Jubilados advierten sobre la sostenibilidad del sistema de pensiones en España

El sistema de pensiones en España sostiene actualmente a más de 10 millones de jubilados, quienes enfrentan una creciente preocupación sobre la sostenibilidad a largo plazo de este modelo. A pesar de que muchos, como los hermanos Antonio y Juan José López, disfrutan de pensiones que les permiten vivir con dignidad, los desafíos del envejecimiento poblacional, los bajos salarios y la precariedad laboral generan dudas sobre el futuro.

Según datos oficiales, el país destina un 12,3% de su Producto Interior Bruto (PIB) a pagar pensiones, una de las cifras más altas de la Unión Europea. Sin embargo, las proyecciones indican que en 205015 millones de pensionistas, lo que plantea serias interrogantes sobre la viabilidad del actual sistema.

Desafíos en la financiación del sistema

Antonio, un profesor de matemáticas jubilado, reconoce que su situación es cómoda, pero advierte: “Pienso que en unos años no habrá dinero para las pensiones si no cambian algunas cosas”. Su hermano, Juan José, médico retirado de 83 años, traza un contraste entre generaciones. “Los jóvenes viven peor que los pensionistas porque los salarios son muy bajos. Aunque nuestras pensiones también lo sean, todavía resultan más altas que lo que gana la gente joven”.

La vivienda es uno de los ejemplos más claros de esta disparidad: accesible para los mayores, pero inalcanzable para muchos jóvenes. Ambos hermanos coinciden en que el modelo actual es insostenible a menos que se replantee su financiación. Juan José señala la necesidad de aumentar los impuestos, aunque reconoce que “la gente no está dispuesta a pagar”. Por su parte, Antonio sugiere que la solución podría estar en un enfoque doble: una recaudación más justa y la llegada de población inmigrante joven que cotice al sistema.
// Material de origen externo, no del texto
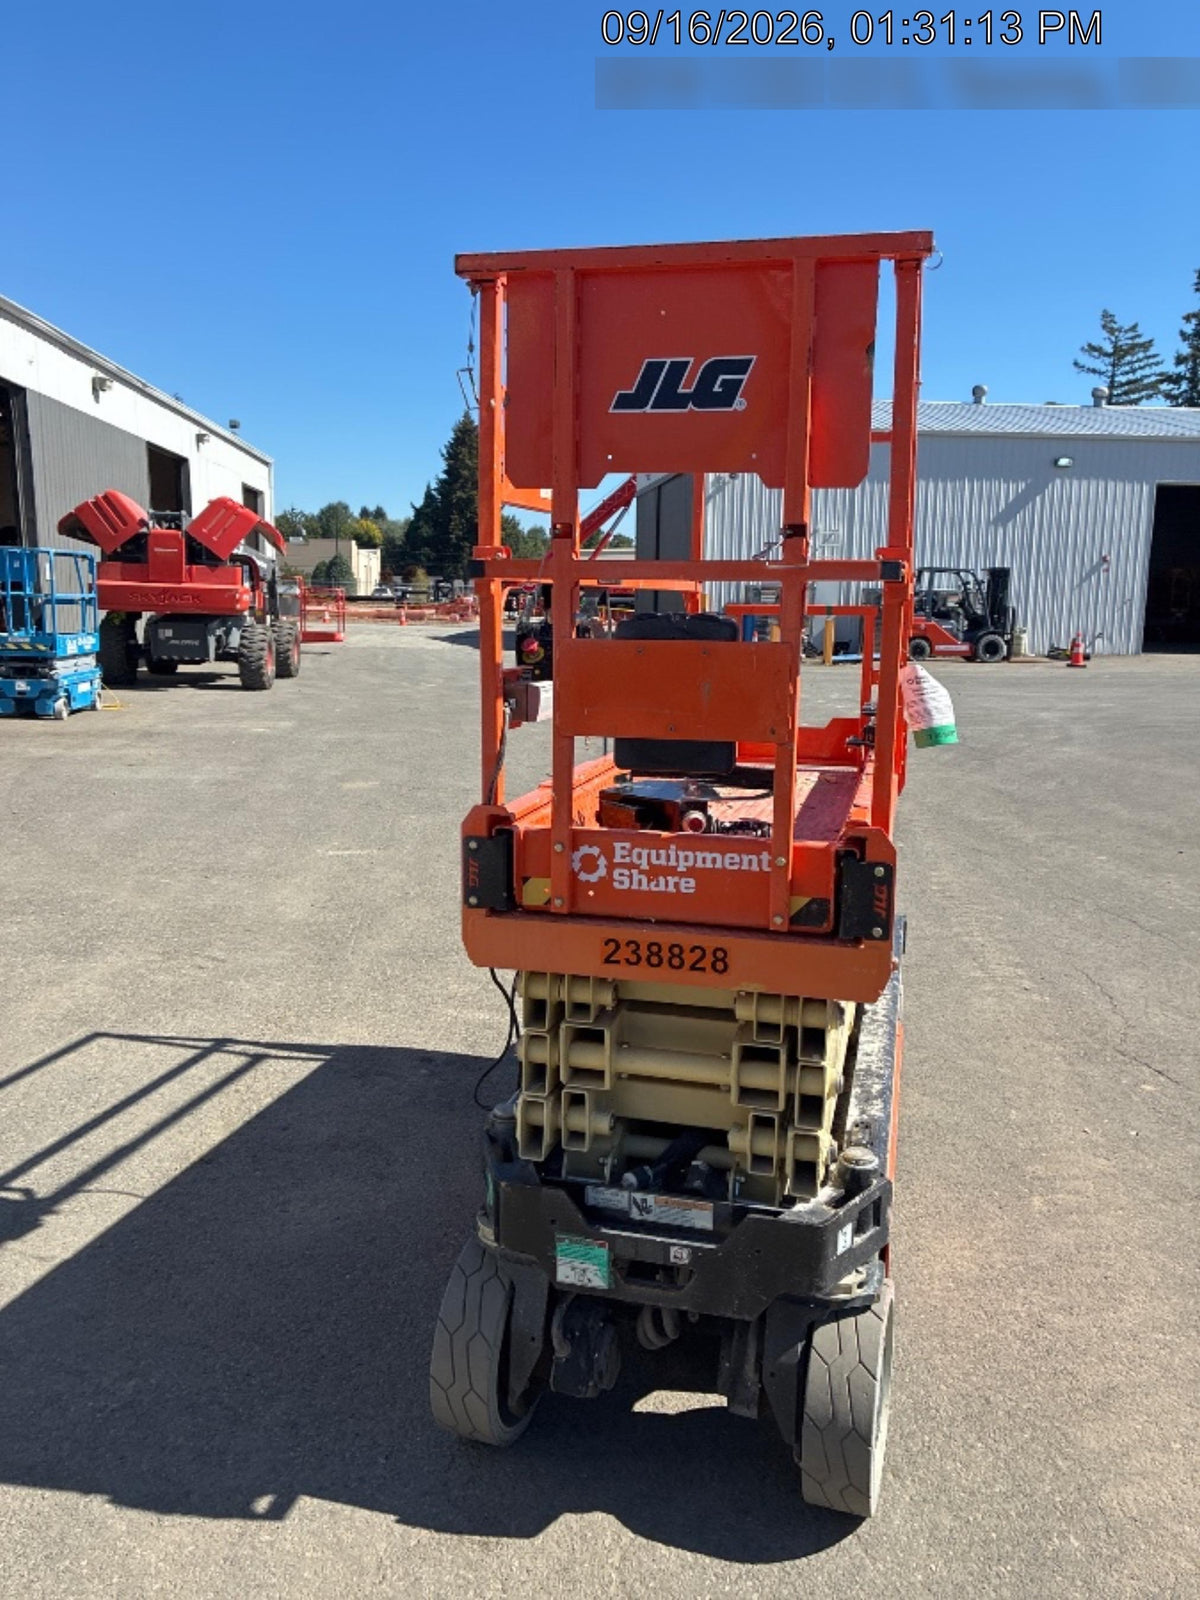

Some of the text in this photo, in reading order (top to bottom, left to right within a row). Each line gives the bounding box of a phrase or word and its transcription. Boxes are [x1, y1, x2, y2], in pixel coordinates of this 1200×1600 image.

[608, 355, 758, 414] JLG
[128, 590, 201, 605] SKYJACK
[612, 842, 772, 872] Equipment
[612, 868, 696, 893] Share
[603, 938, 730, 974] 238828
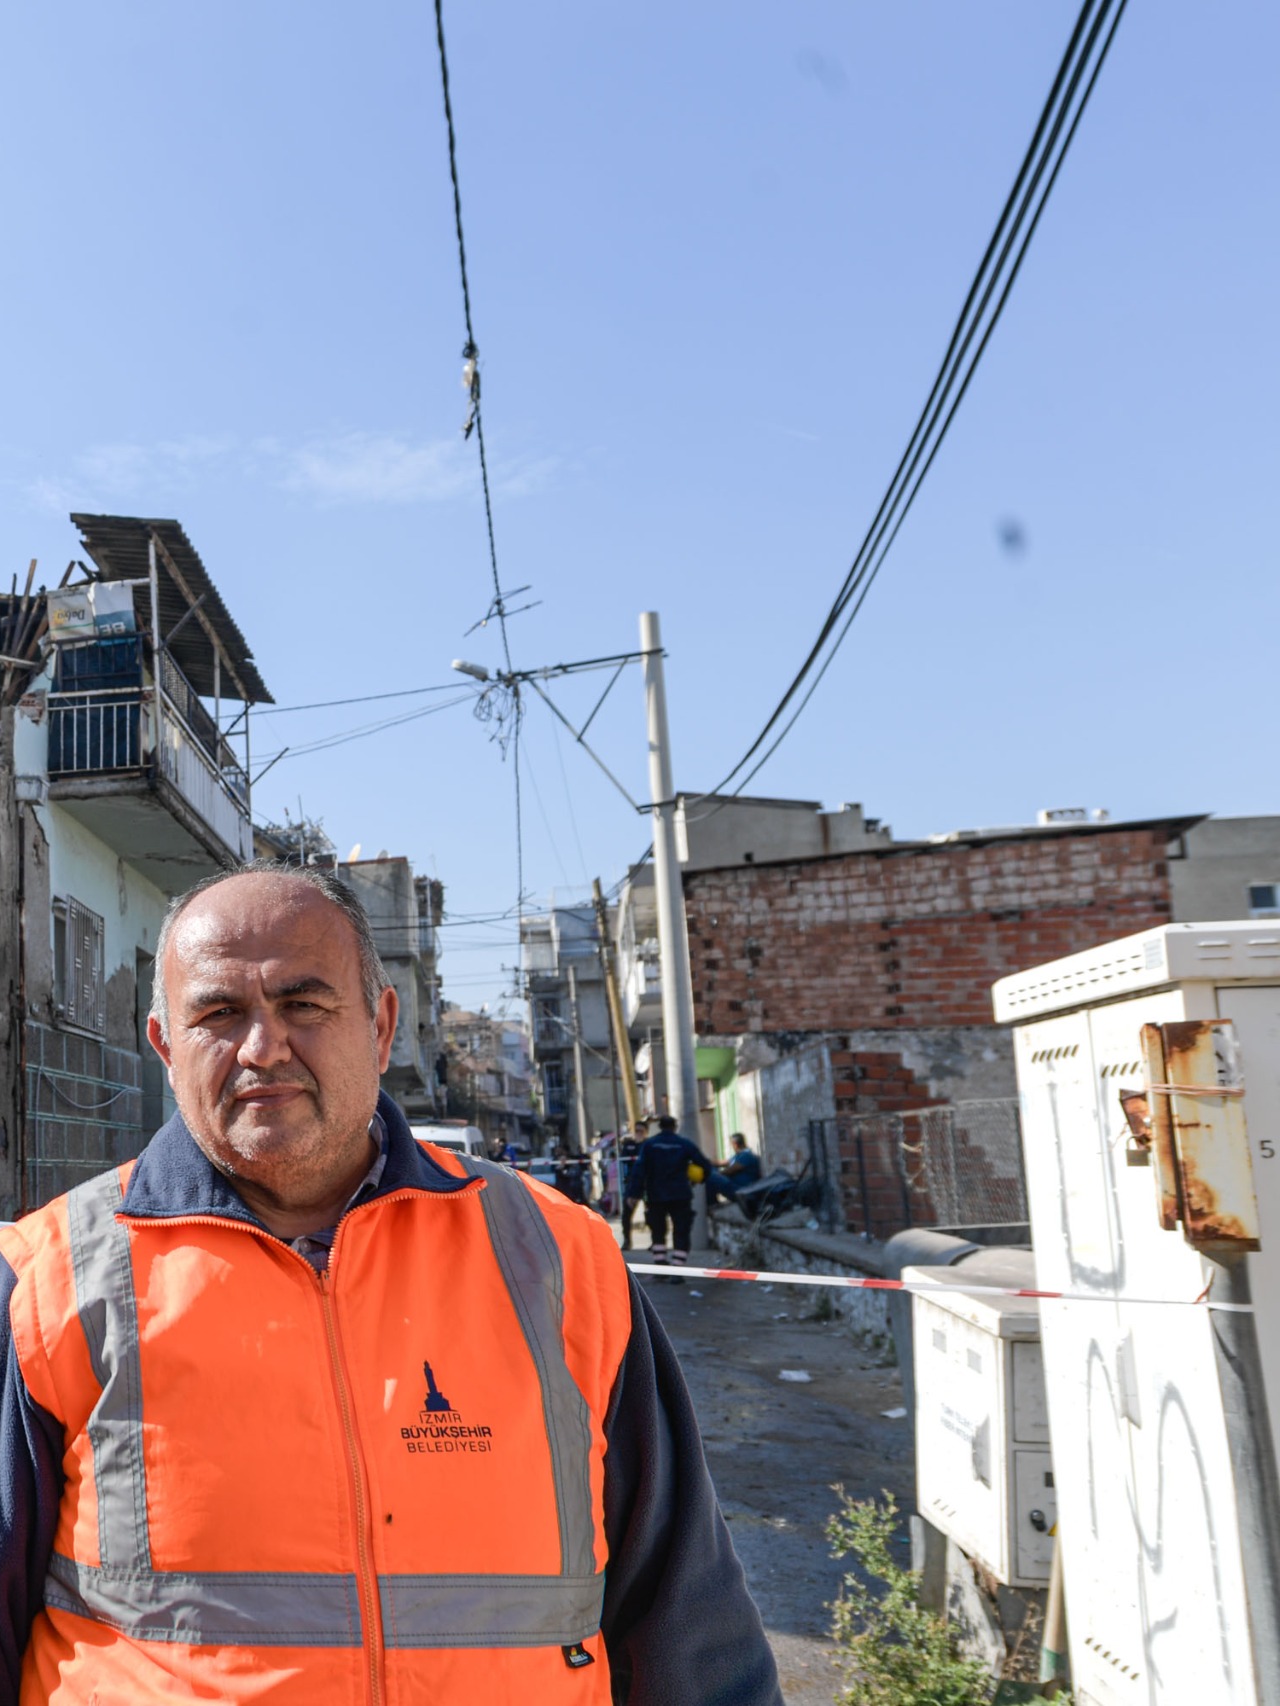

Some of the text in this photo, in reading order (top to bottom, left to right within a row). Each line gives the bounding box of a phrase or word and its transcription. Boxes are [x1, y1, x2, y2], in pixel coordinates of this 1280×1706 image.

[1258, 1139, 1276, 1159] 5
[400, 1424, 493, 1439] BÜYÜKŞEHİR
[406, 1439, 492, 1453] BELEDİYESİ
Un reto colectivo para el futuro

Más allá de su experiencia individual, la historia de los hermanos López refleja un desafío colectivo. España, al igual que muchos países europeos, enfrenta el dilema de garantizar un nivel de vida digno para sus jubilados mientras el mercado laboral ofrece salarios cada vez más bajos e inestables. El economista Joan Llobet de la UOC resume esta situación con crudeza, indicando que el envejecimiento demográfico, la baja natalidad y la volatilidad de las afiliaciones ponen en cuestión la capacidad del sistema para sostenerse.
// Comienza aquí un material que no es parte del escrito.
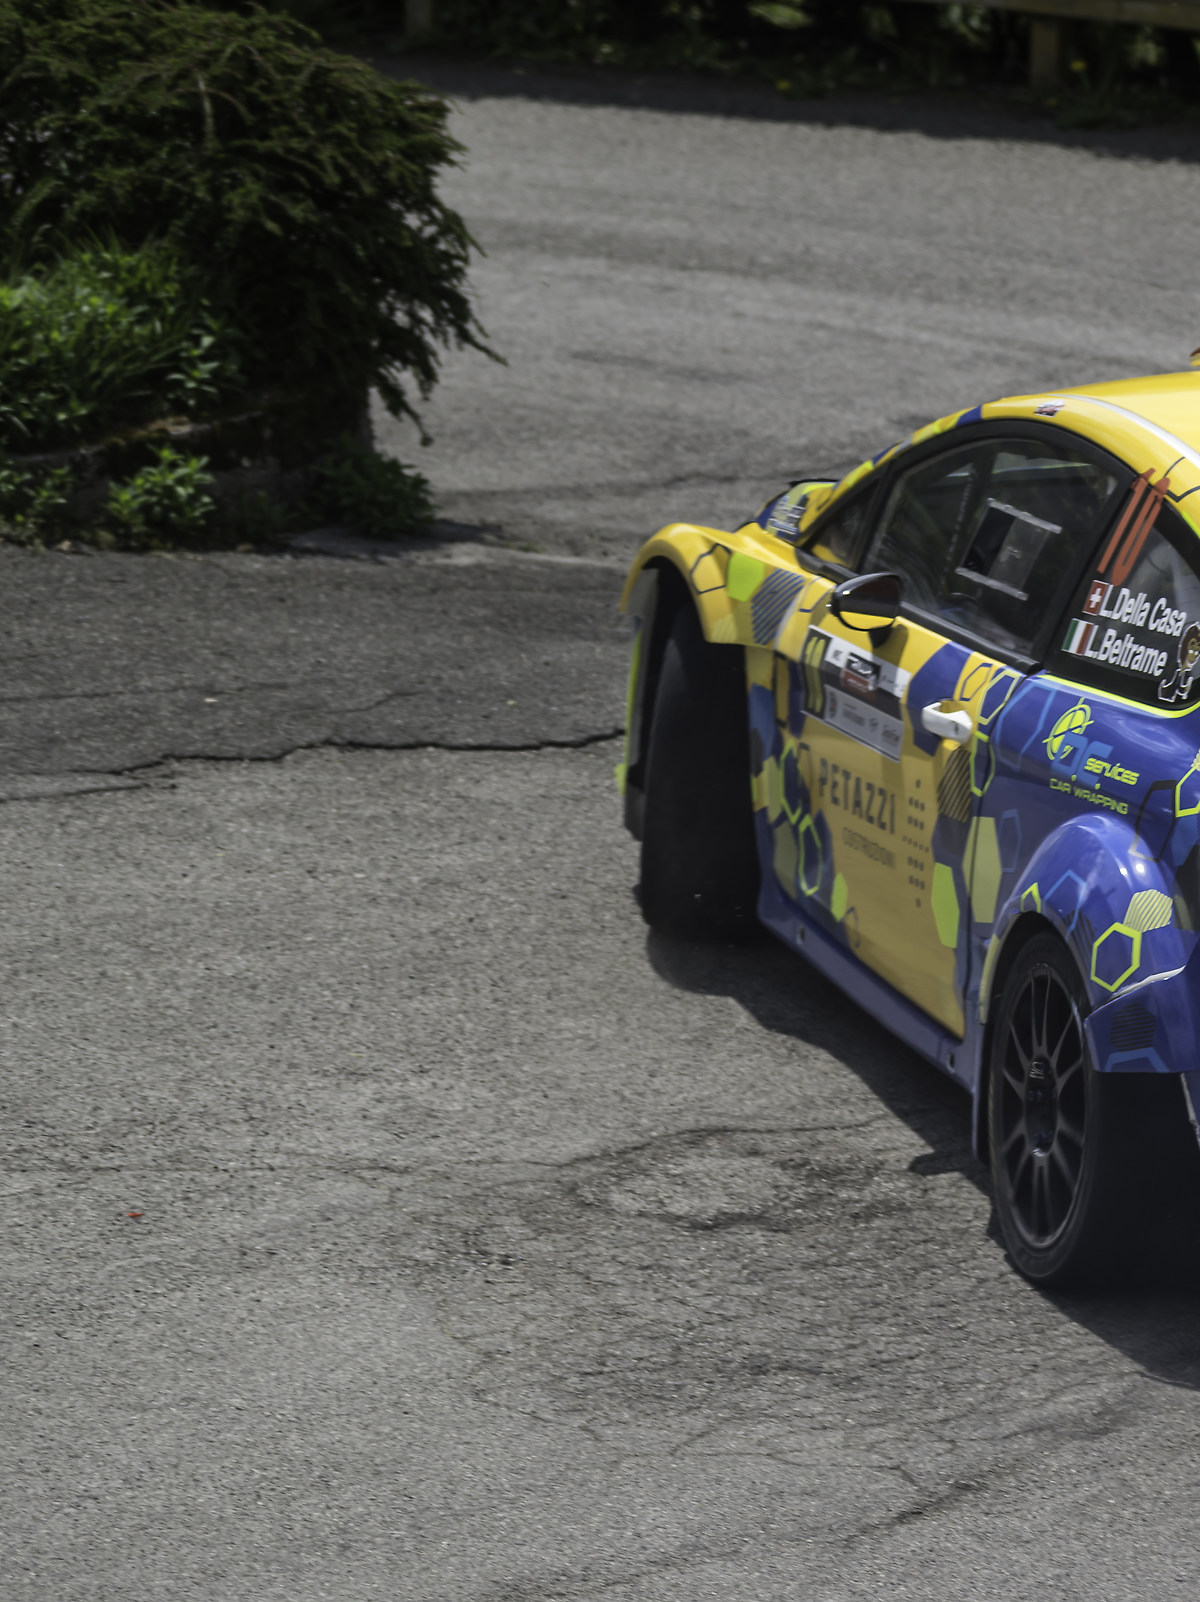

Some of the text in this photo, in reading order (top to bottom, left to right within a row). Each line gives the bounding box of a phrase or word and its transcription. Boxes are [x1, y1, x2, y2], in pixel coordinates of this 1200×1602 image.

Este problema no solo es económico, sino que también tiene profundas implicaciones sociales y políticas. La necesidad de un cambio en el enfoque hacia la financiación del sistema de pensiones se vuelve más urgente, ya que las generaciones futuras merecen contar con un mínimo de estabilidad económica y social. La situación actual exige una reflexión seria sobre cómo asegurar un futuro viable para todos los jubilados en España.